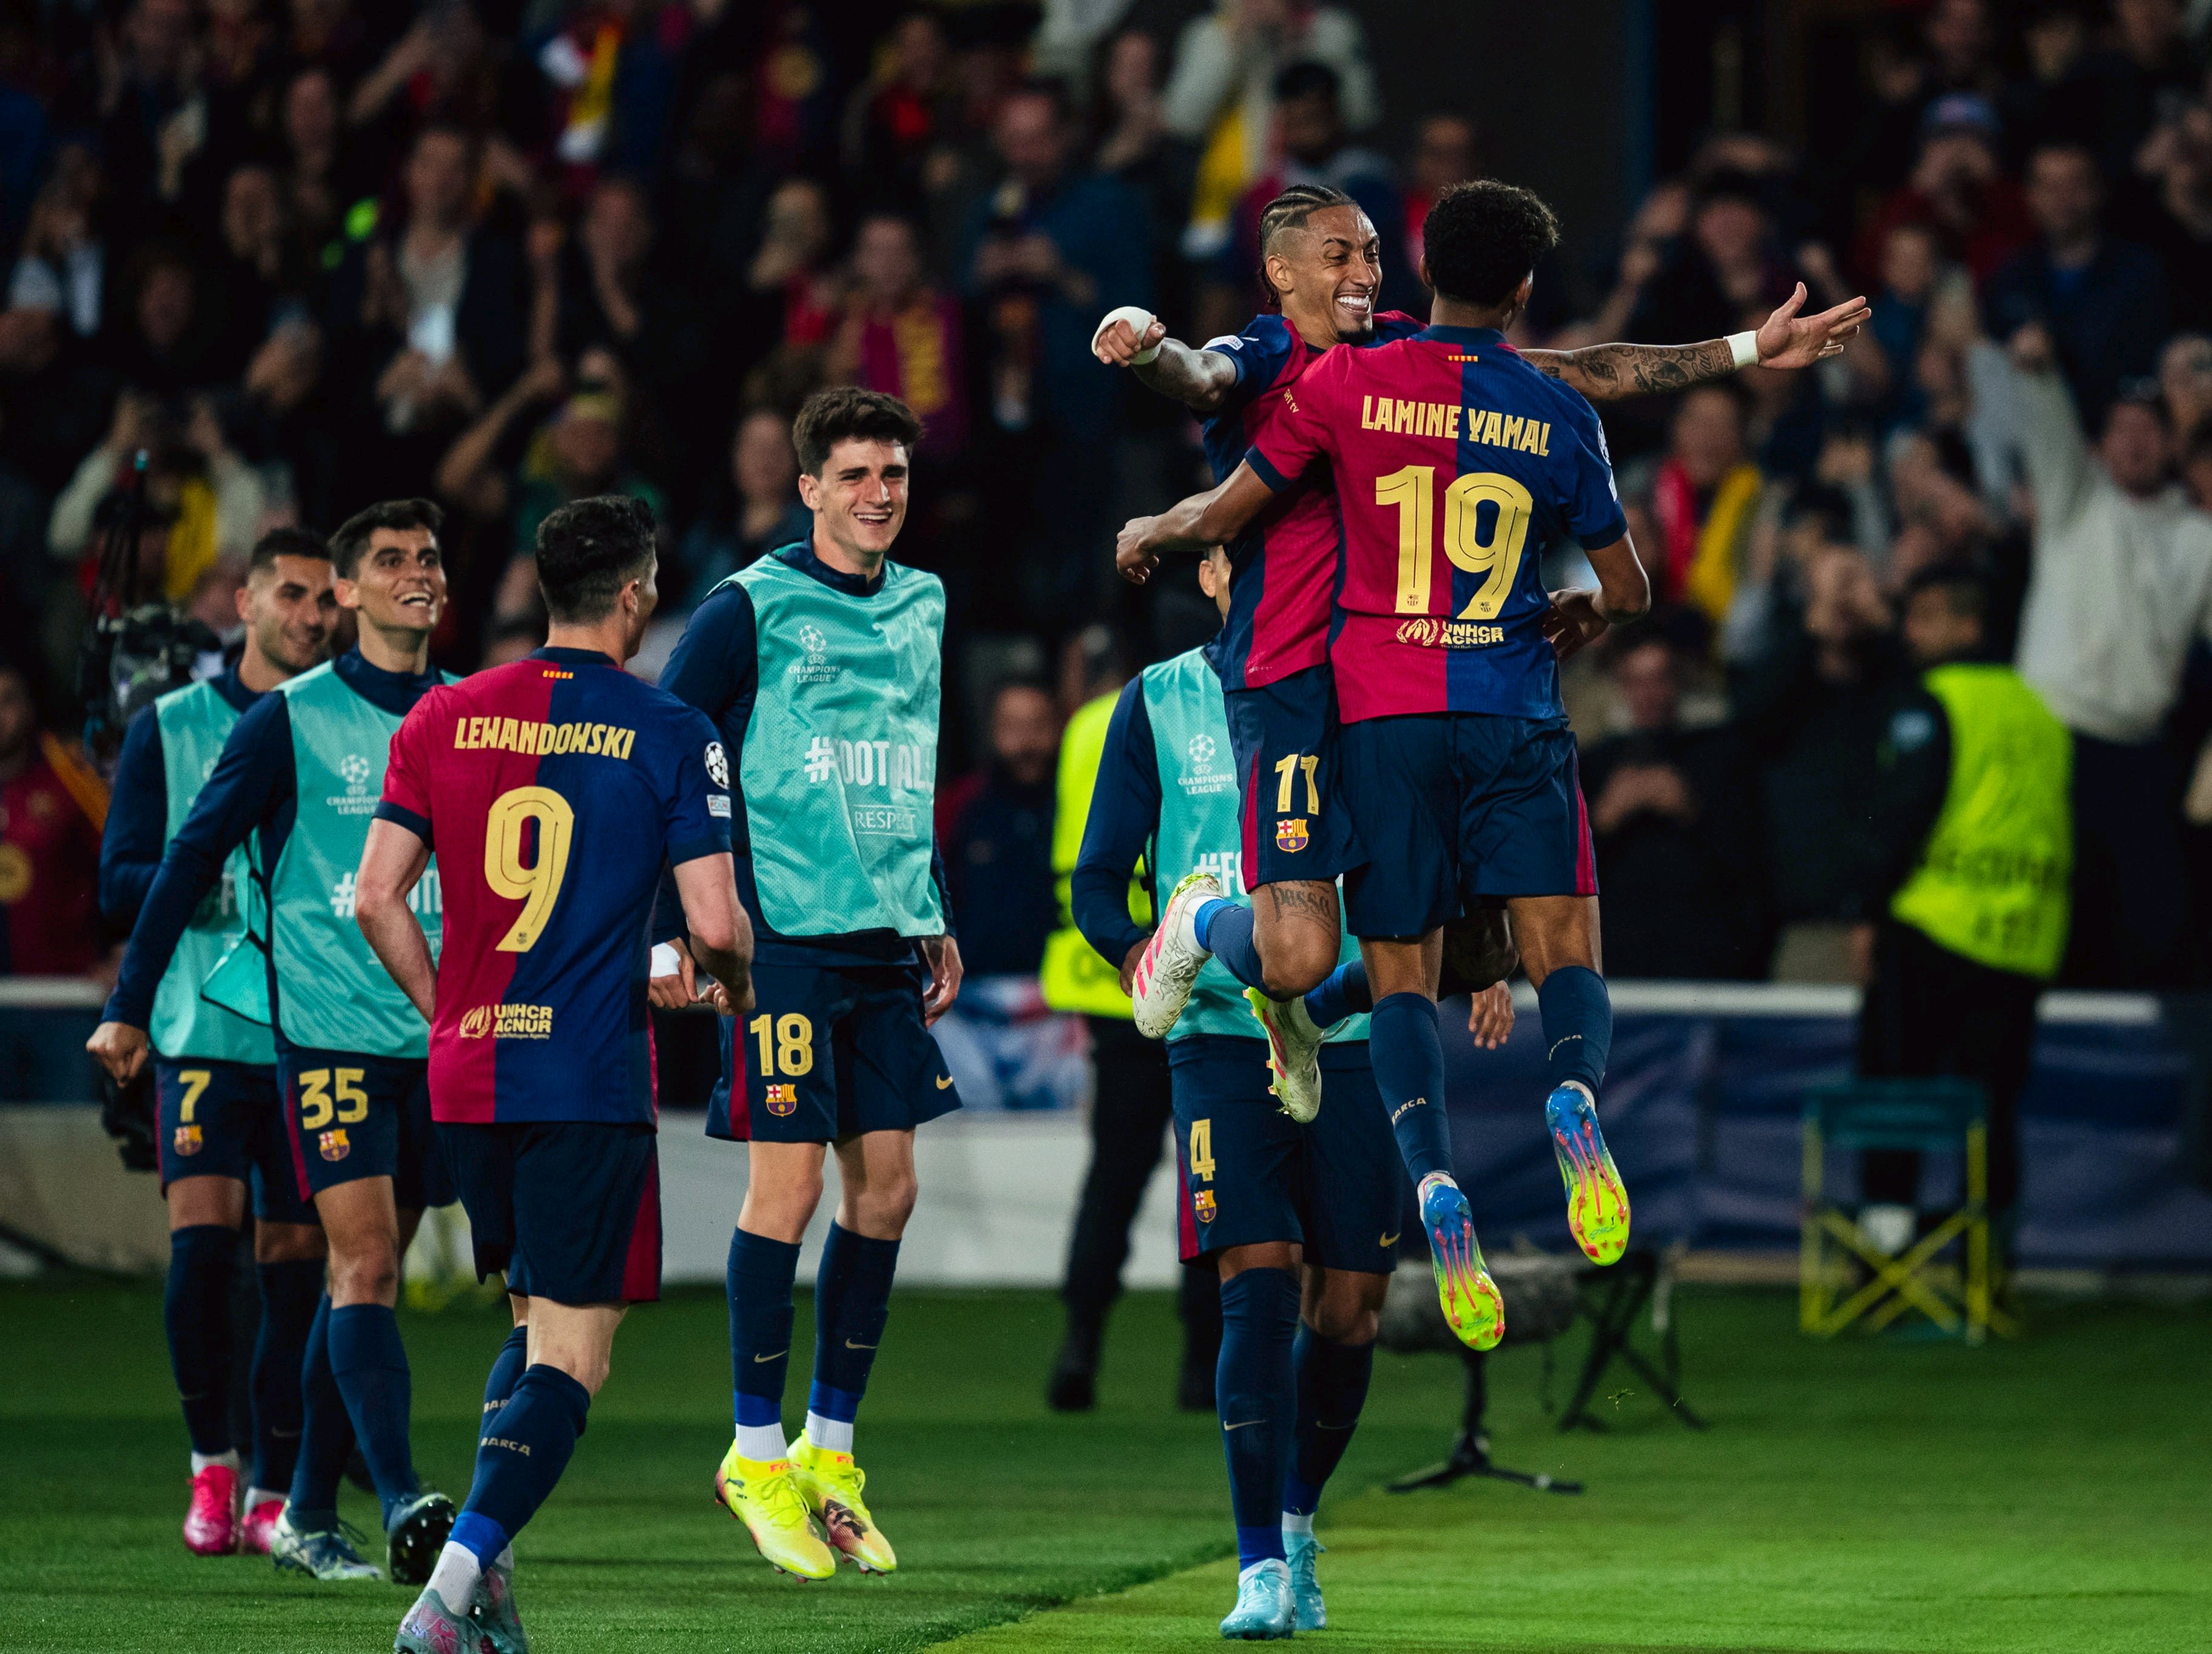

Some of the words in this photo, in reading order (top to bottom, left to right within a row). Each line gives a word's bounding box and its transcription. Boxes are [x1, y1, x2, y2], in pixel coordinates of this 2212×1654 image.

[1362, 395, 1462, 439] LAMINE
[1468, 408, 1550, 457] YAMAL
[1376, 465, 1533, 620] 19
[797, 674, 831, 683] LEAGUE
[454, 717, 636, 760] LEWANDOWSKI
[1178, 774, 1232, 785] CHAMPIONS
[1186, 784, 1223, 795] LEAGUE
[1275, 754, 1319, 815] 11
[485, 786, 574, 952] 9
[493, 1018, 551, 1033] ACNUR
[494, 1003, 553, 1020] UNHCR
[750, 1013, 813, 1076] 18
[179, 1071, 210, 1121] 7
[299, 1068, 368, 1129] 35
[1190, 1119, 1215, 1182] 4

-=-=-=-=-

The answer should be an exact copy of the material, with its pictures removed.

▶ [Output for this task]
Some of the words in this photo, in reading order (top to bottom, left to right within a row). Each line gives a word's bounding box and its transcription. Boxes are [x1, y1, x2, y2], in pixel coordinates of this 2212×1654 image.

[1362, 395, 1462, 439] LAMINE
[1468, 408, 1550, 457] YAMAL
[1376, 465, 1533, 620] 19
[797, 674, 831, 683] LEAGUE
[454, 717, 636, 760] LEWANDOWSKI
[1178, 774, 1232, 785] CHAMPIONS
[1186, 784, 1223, 795] LEAGUE
[1275, 754, 1319, 815] 11
[485, 786, 574, 952] 9
[493, 1018, 551, 1033] ACNUR
[494, 1003, 553, 1020] UNHCR
[750, 1013, 813, 1076] 18
[179, 1071, 210, 1121] 7
[299, 1068, 368, 1129] 35
[1190, 1119, 1215, 1182] 4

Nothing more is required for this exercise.